Simple Problem but tough for me if i want it in linear time

Steven D'Aprano steve-REMOVE-THIS at cybersource.com.au
Thu Aug 19 04:47:28 CEST 2010


On Wed, 18 Aug 2010 16:03:58 +0200, Frederic Rentsch wrote:

> On Mon, 2010-08-16 at 23:17 +0000, Steven D'Aprano wrote:
>> On Mon, 16 Aug 2010 20:40:52 +0200, Frederic Rentsch wrote:
>> 
>> > How about
>> > 
>> >>>> [obj for obj in dataList if obj.number == 100]
>> > 
>> > That should create a list of all objects whose .number is 100. No
>> > need to cycle through a loop.
>> 
>> What do you think the list comprehension does, if not cycle through a
>> loop?
>> 
>> 
>> --
>> Steven
> 
> What I think is that list comprehensions cycle through a loop a lot
> faster than a coded loop (for n in ...:). 

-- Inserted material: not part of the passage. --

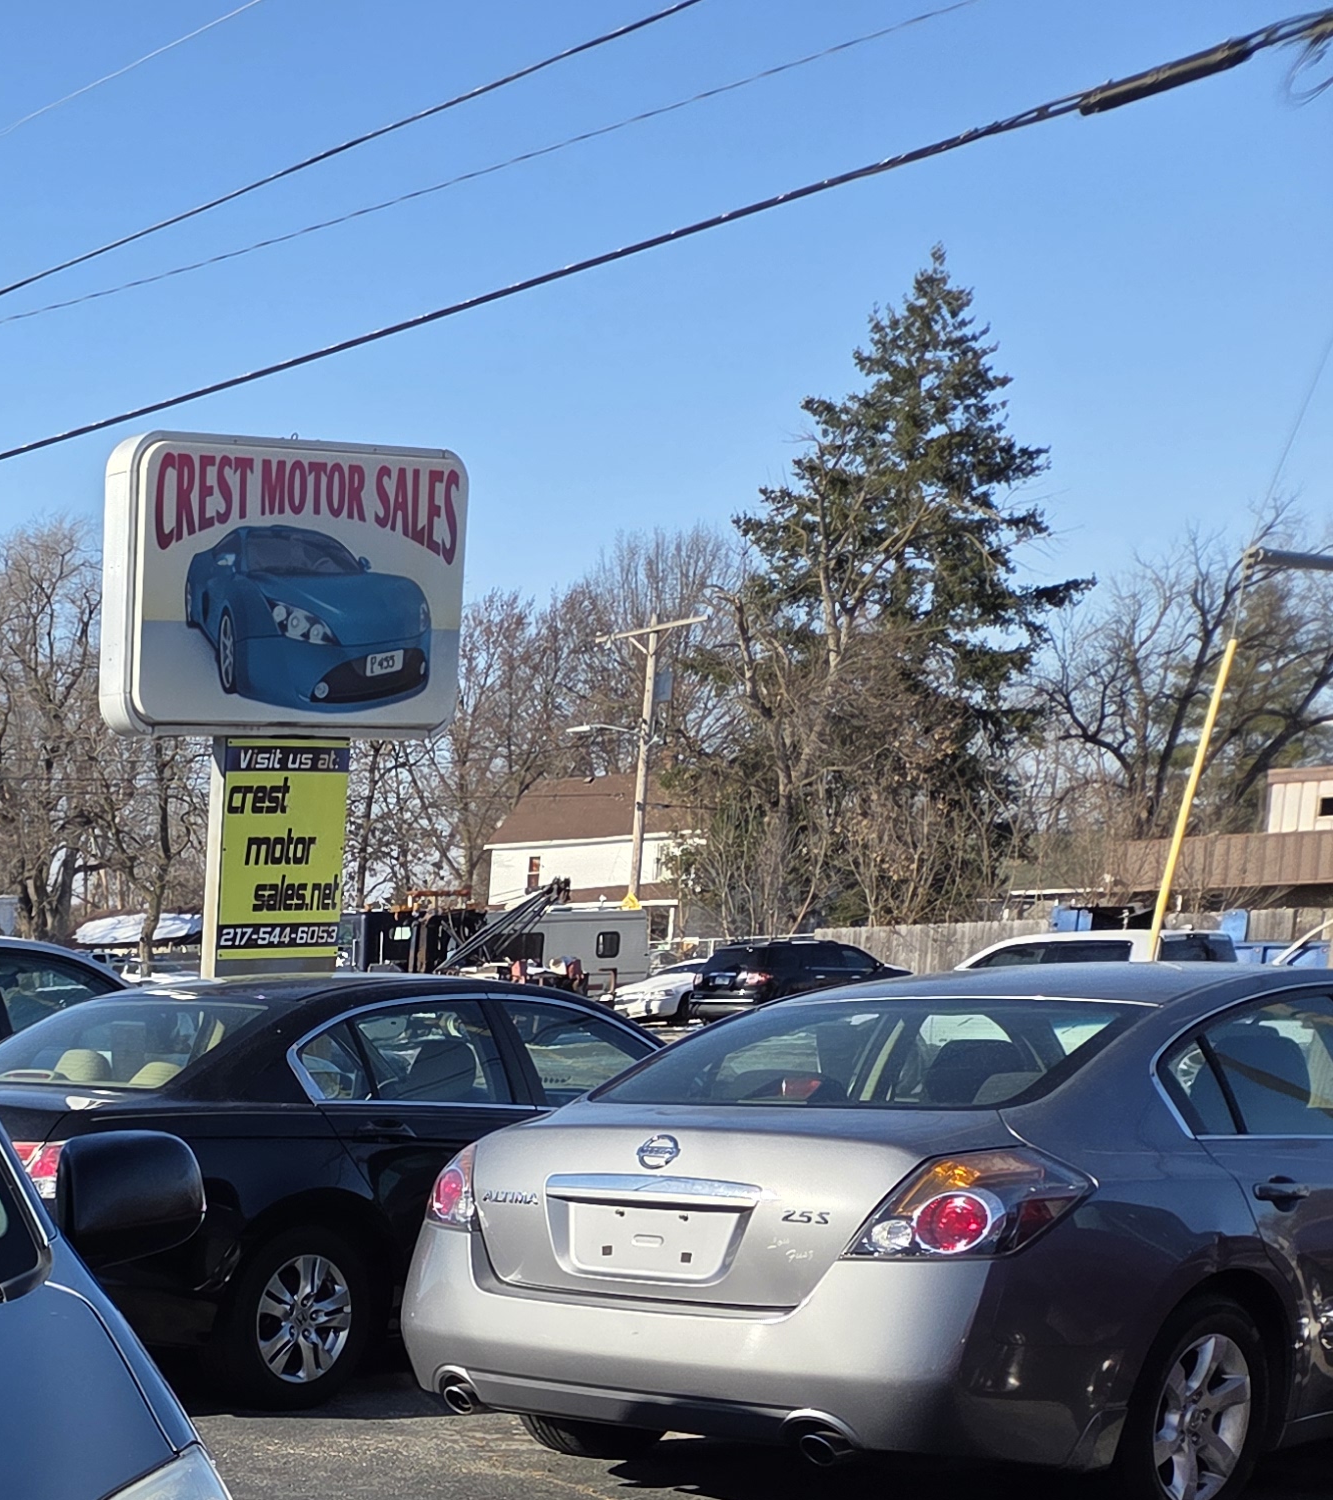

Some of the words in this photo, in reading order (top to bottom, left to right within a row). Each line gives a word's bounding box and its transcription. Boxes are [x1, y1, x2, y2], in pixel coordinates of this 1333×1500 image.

I think measurement beats intuition:


[steve at wow-wow ~]$ python -m timeit '[str(i) for i in xrange(100000)]'
10 loops, best of 3: 84 msec per loop

[steve at wow-wow ~]$ python -m timeit 'L=[]
> for i in xrange(100000):
>     L.append(str(i))
> '
10 loops, best of 3: 105 msec per loop


But wait... we're not comparing apples with apples. There's an extra name 
lookup in the for-loop that the list comp doesn't have. We can fix that:


[steve at wow-wow ~]$ python -m timeit 'L=[]; append = L.append
for i in xrange(100000):
    append(str(i))
'
10 loops, best of 3: 86.7 msec per loop


The difference between 84 and 86 msec is essentially measurement error. 
Hell, the difference between 84 and 104 msec is not terribly significant 
either.



> As at the time of my post only
> coded loops had been proposed and the OP was concerned about speed, I
> thought I'd propose a list comprehension.

Yes, but the OP was concerned with asymptotic speed (big-oh notation), 
and both a for-loop and a list-comp are both O(N).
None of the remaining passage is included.